» **PROBLEM TO SOLVE**
What should come back is the data below, word for word, minus any picture.

» **MATERIAL PROVIDED**
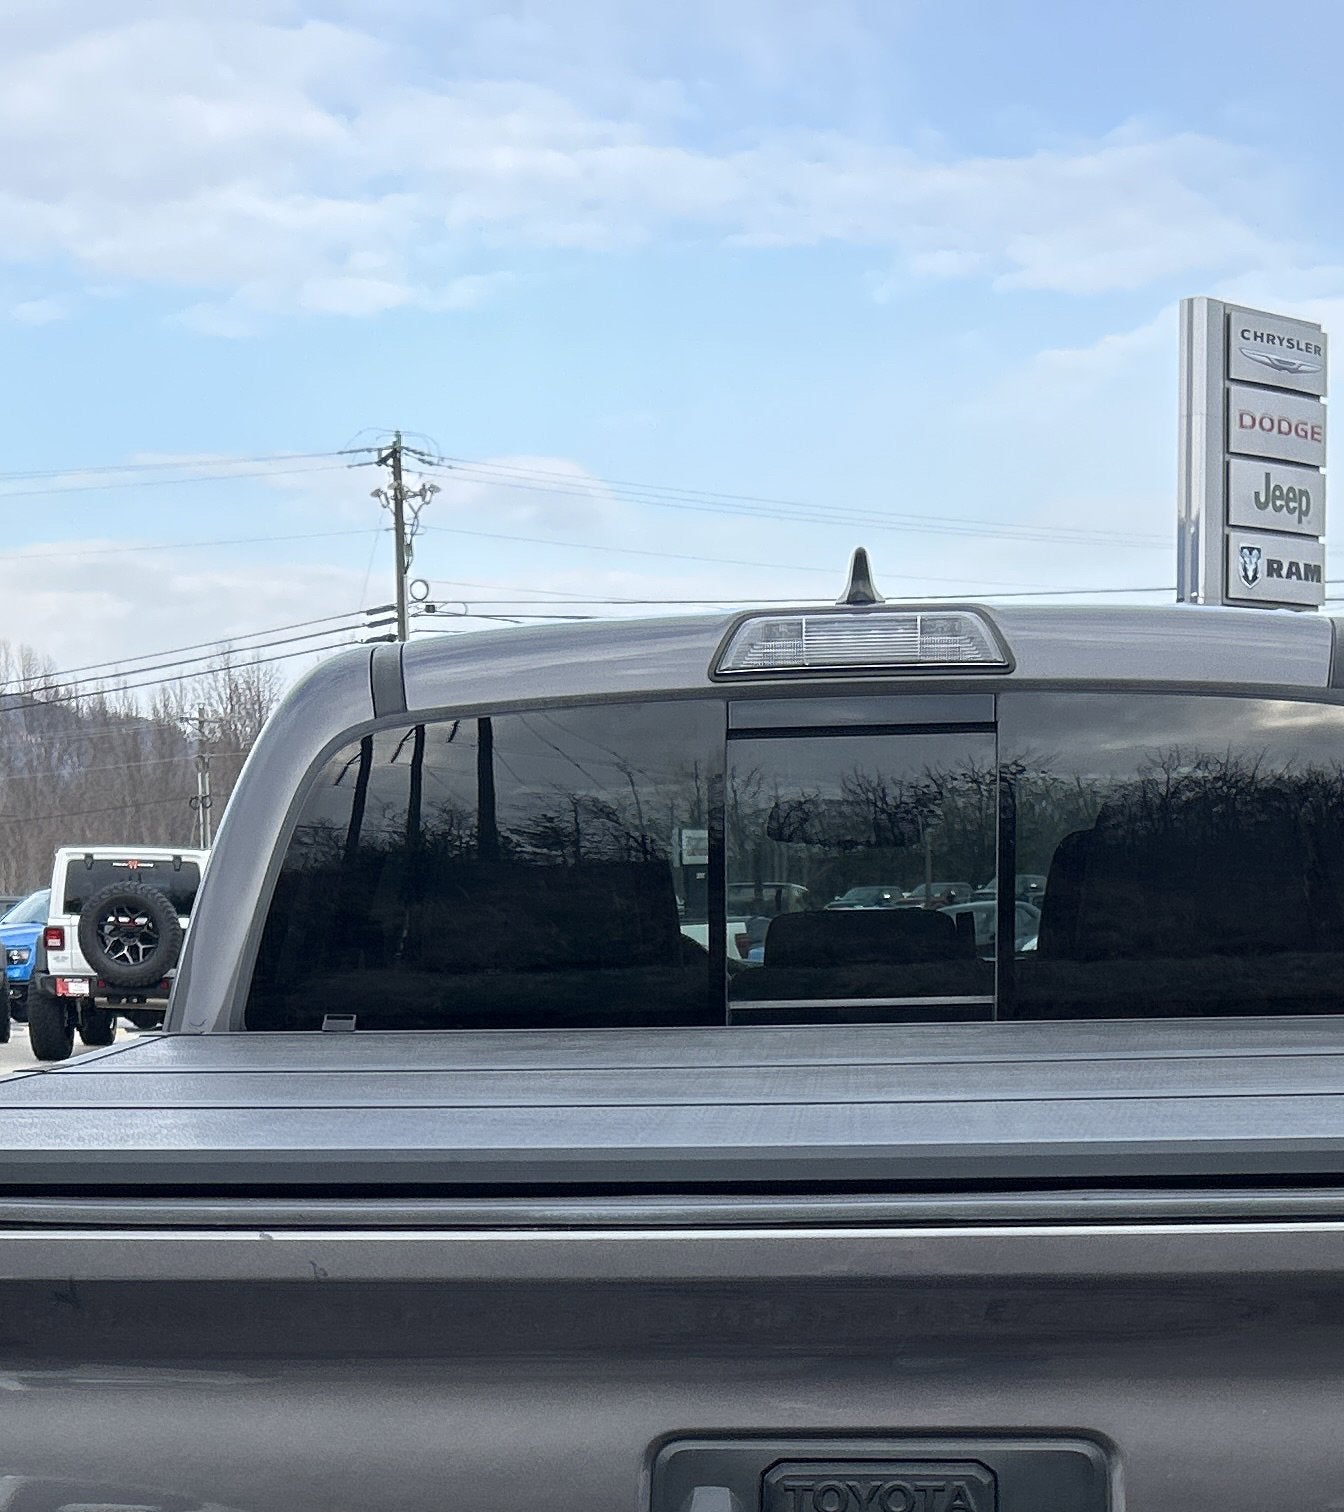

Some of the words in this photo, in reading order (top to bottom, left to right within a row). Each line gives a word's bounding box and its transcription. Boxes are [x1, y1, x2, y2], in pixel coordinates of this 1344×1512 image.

[1240, 328, 1322, 357] CHRYSLER
[1238, 410, 1322, 443] DODGE
[1254, 472, 1311, 524] Jeep
[1266, 558, 1322, 584] RAM

» **TASK SOLUTION**
Some of the words in this photo, in reading order (top to bottom, left to right within a row). Each line gives a word's bounding box and its transcription. Boxes are [x1, y1, x2, y2], in pixel coordinates of this 1344×1512 image.

[1240, 328, 1322, 357] CHRYSLER
[1238, 410, 1322, 443] DODGE
[1254, 472, 1311, 524] Jeep
[1266, 558, 1322, 584] RAM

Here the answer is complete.